Aslında gelmek istediğim nokta şuydu ki; seni sevmek yaptığım en güzel şey, senin yanın olmam gereken en doğru yermiş gibi hissettiriyor. Sana her dokunduğumda bana öğretilenin aksine kötülüğe ya da günaha bulaşmış gibi değil de cennetteymişiz gibi hissediyorum. Seninle bir olmamız, birbirimizi hissetmemizin kötülüğü eğer bizi yakacaksa, sayın tanrı kusura bakmasın yanmaya dünden hazırım. Seninle yanmaya doğduğum andan beri hazırım sanki. 

Sanki sen her zaman hayatımdaymış, hep orada olman gerekiyormuş gibiydi. Hiç yabancılık çekmedik. Sanki birbirimizi böyle üzmemiz, böyle sevmemiz, böyle sevişmemiz ezelden beri belliymiş gibi. Sanki seni sevmek yemek yemek, nefes almak, konuşmak gibi doğduğumdan beri yaptığım bir şeymiş gibi. Sen sanki hep ordaymışsın gibi.

Her zaman dediğim gibi çoğu şeyi kanırtarak elde etmeye çalışan bir kadının yolusun sen.

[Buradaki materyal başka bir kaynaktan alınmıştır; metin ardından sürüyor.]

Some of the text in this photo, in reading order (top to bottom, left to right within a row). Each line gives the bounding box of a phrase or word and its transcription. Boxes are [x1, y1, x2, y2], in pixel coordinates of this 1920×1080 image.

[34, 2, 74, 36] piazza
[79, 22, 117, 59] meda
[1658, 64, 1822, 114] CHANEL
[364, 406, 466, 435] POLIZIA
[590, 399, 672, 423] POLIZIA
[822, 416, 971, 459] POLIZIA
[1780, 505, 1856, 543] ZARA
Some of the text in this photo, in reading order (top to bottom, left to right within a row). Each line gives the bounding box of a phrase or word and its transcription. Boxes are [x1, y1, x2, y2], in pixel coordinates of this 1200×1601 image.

Birdenbire, aniden ve öyle güzel ki. 

Seni yazmak, hissettirdiklerini yazmak iyi ya da kötü sanki benliğime işlenmiş gibi. Doğarken adımın yanında fısıldanmış gibi. Yolum yönüm senmişsin gibi. Sağını solunu karıştıran bana kuzey yıldızı gibi. 

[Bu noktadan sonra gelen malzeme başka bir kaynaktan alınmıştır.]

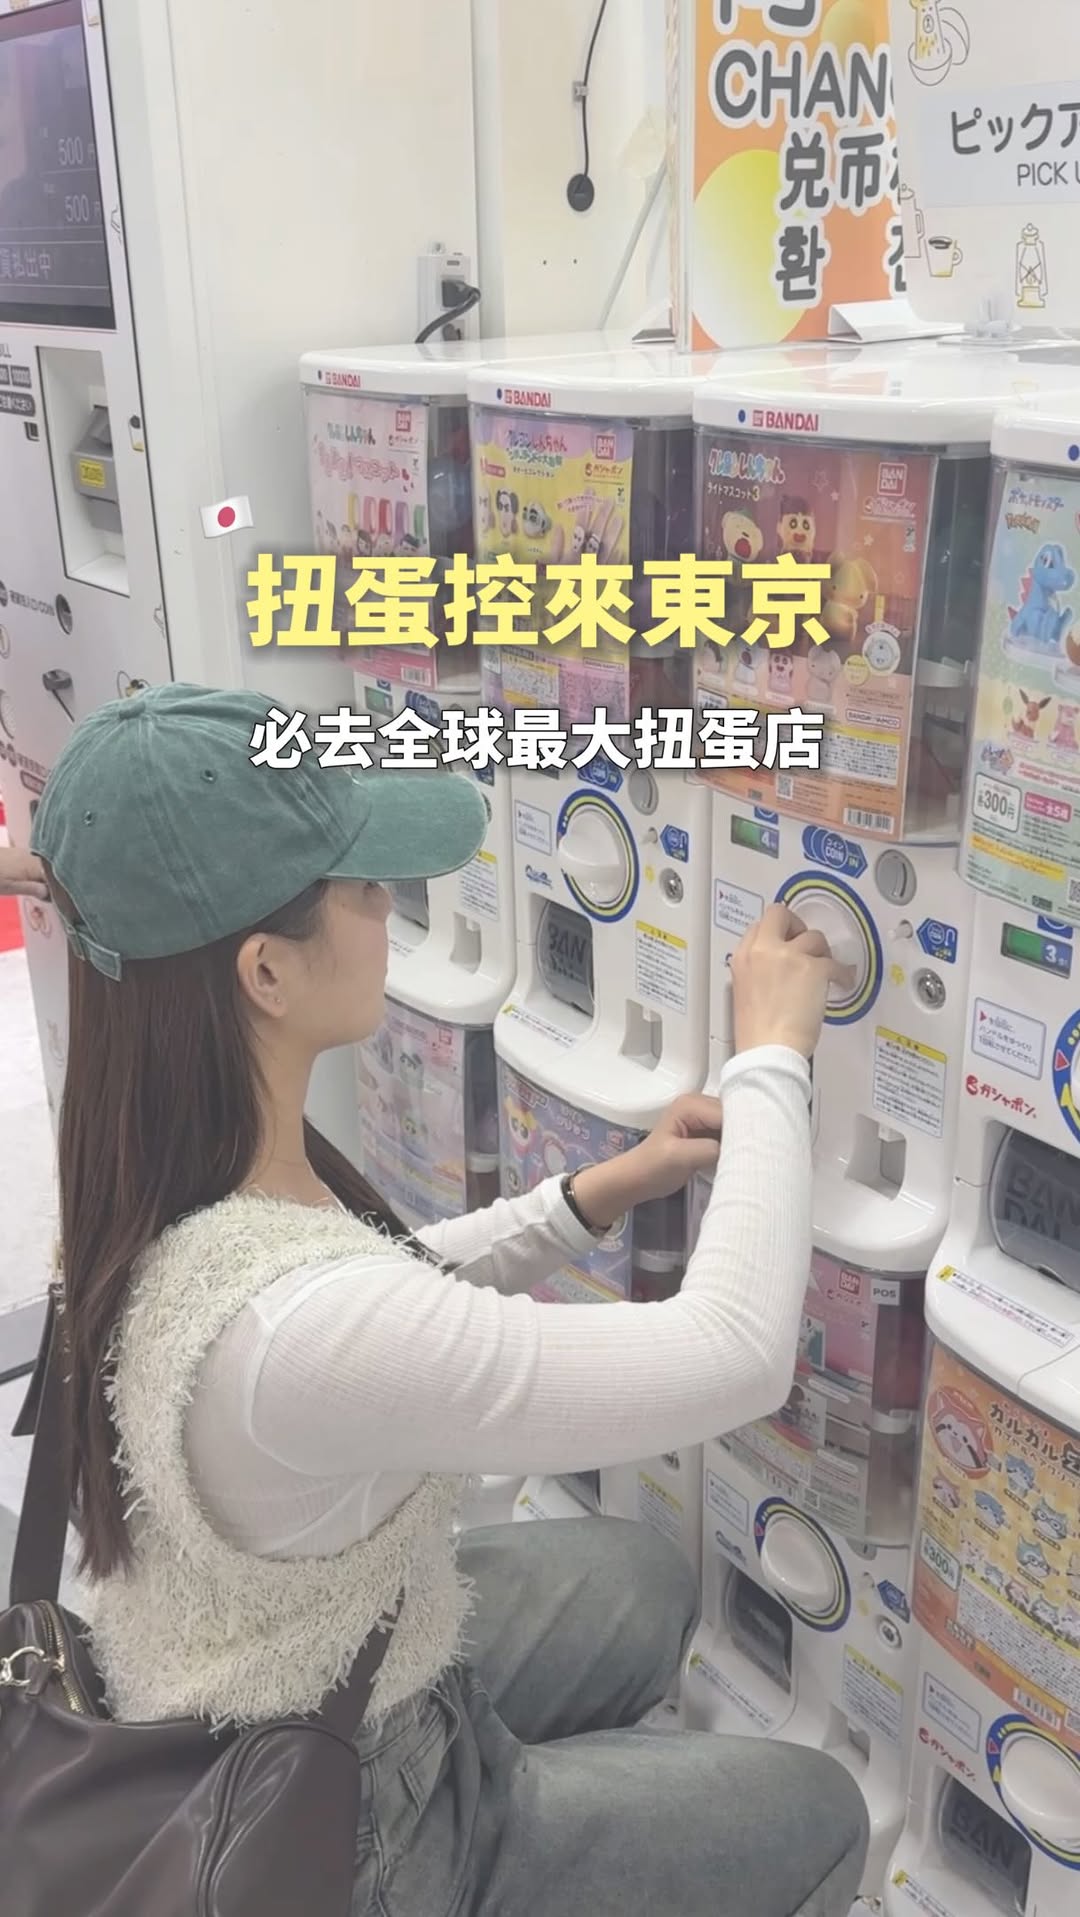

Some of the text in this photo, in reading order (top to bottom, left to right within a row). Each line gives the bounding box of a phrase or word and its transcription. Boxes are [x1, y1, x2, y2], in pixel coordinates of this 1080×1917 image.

[714, 48, 897, 119] CHAN
[58, 136, 84, 166] 500
[1017, 161, 1068, 187] PICK
[65, 194, 90, 222] 500
[332, 373, 361, 388] BANDAI
[513, 390, 551, 408] BANDAI
[766, 411, 819, 431] BANDAI
[881, 467, 904, 480] BAN
[984, 789, 1008, 816] 300
[826, 847, 844, 862] COIN
[1045, 944, 1057, 963] 3
[873, 1287, 897, 1299] POS

En kötü anında bile herhangi bir anından asla şüphe etmediğim, keşke demediğim tek doğrumsun gibi. 

Konuşmaktan daha çok yazmayı beceren bana şiirler öyküler yazdıran sen gibi. Dünyanın en güzel hissi.

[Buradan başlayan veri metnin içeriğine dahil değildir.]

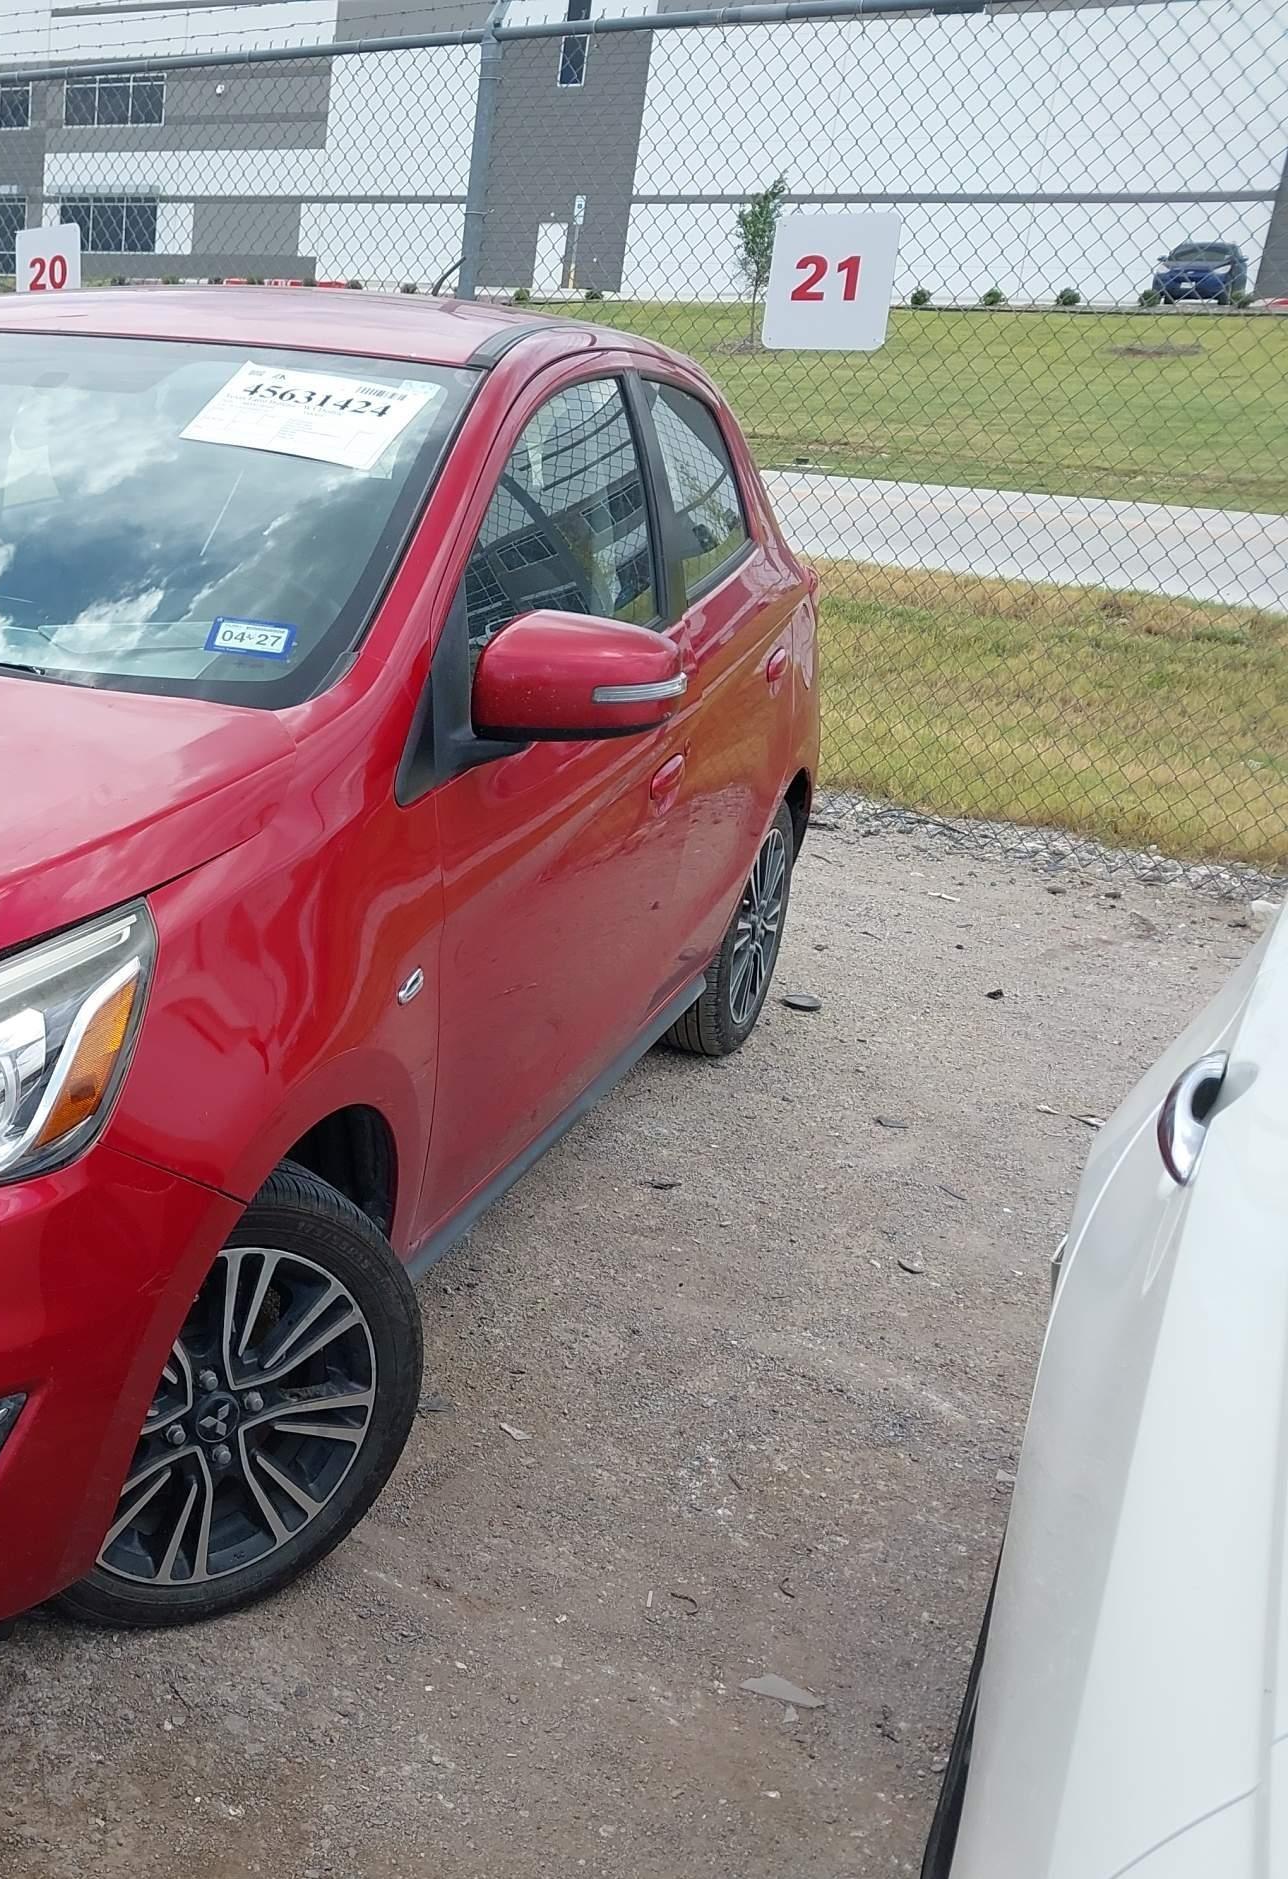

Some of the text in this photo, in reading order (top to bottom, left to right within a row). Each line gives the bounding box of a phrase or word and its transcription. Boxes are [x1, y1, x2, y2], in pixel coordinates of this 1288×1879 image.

Aklımdan, kalbimden, vücudumdan silinmesini istemediğim belki de milyonlarca iz var senin tarafından bırakılan, ömrümün sonuna kadar taşımak istediğim. Neler öğrendim seninle, bak sevgilim nasıl büyüdük birlikte? Nasıl üzdük birbirimizi bak nasıl da yara bandı olduk birbirimizin?

Önüm, arkam, sağım, solum sen. İçim dışım sen. Kalbim, ruhum sen. Adım atsam sen, düşünsem sen. Konuşsam sen. 

Canımın en içisi. 

Bazen sana seni seviyorum demek yetmiyor. Nasıl yetmez bilmiyorum. Bambaşka şeyler söylemek, yapabildiğim en kolay şekilde seni severken deli gibi ağlamayı biliyorum. Ben çok şey bilmem aslında, bildiğimden de şüphe duyarım sen bilirsin. Ama bir seni sevmeyi böyle iyi bildim. Bundan hiç şüphe duymadım. 

Senden şüphe edilmez. Onu bilirim.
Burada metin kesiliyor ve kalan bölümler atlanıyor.